§ **What you should do**:
The entries below are to be repeated exactly, and their pictures left out.

§ **Dataset extract**:
────────────────────────────────────────

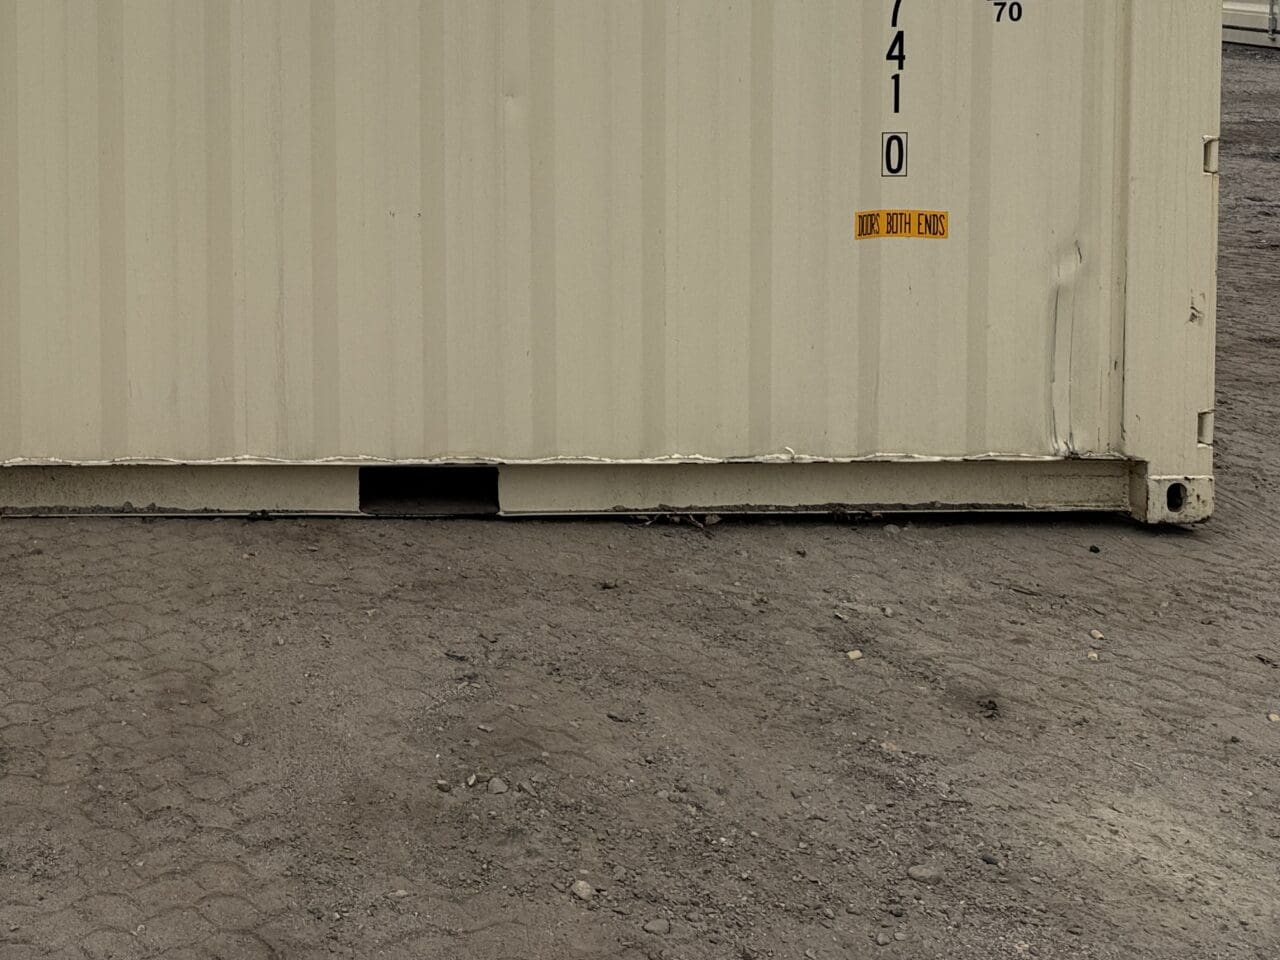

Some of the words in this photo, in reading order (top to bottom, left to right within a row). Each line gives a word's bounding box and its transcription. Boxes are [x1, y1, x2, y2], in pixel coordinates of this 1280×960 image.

[993, 1, 1023, 22] 70
[885, 135, 904, 173] 0
[885, 212, 911, 234] BOTH
[917, 213, 945, 236] ENDS
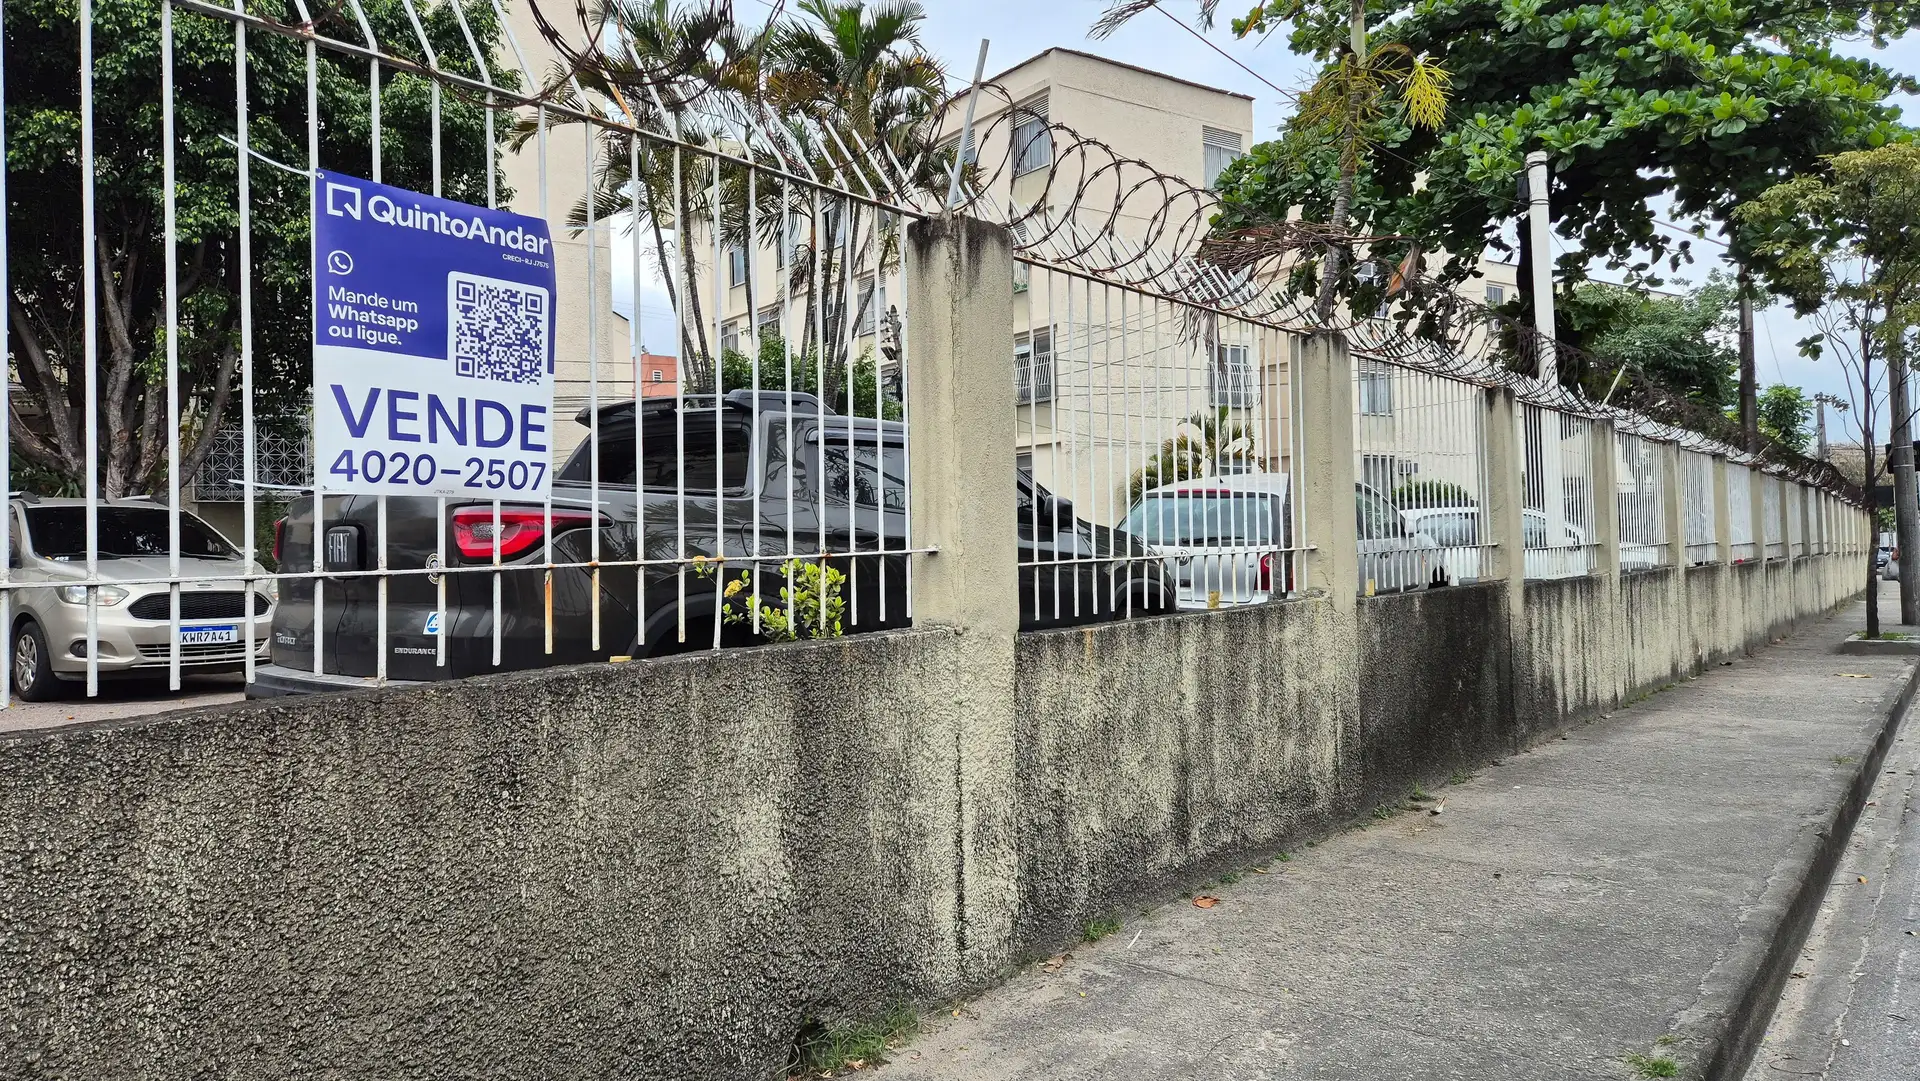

────────────────────────────────────────

§ **Response area**:
Some of the words in this photo, in reading order (top to bottom, left to right within a row). Each line gives a word's bounding box and its transcription. Boxes are [x1, y1, x2, y2], in pixel coordinates of this 1280×960 image.

[993, 1, 1023, 22] 70
[885, 135, 904, 173] 0
[885, 212, 911, 234] BOTH
[917, 213, 945, 236] ENDS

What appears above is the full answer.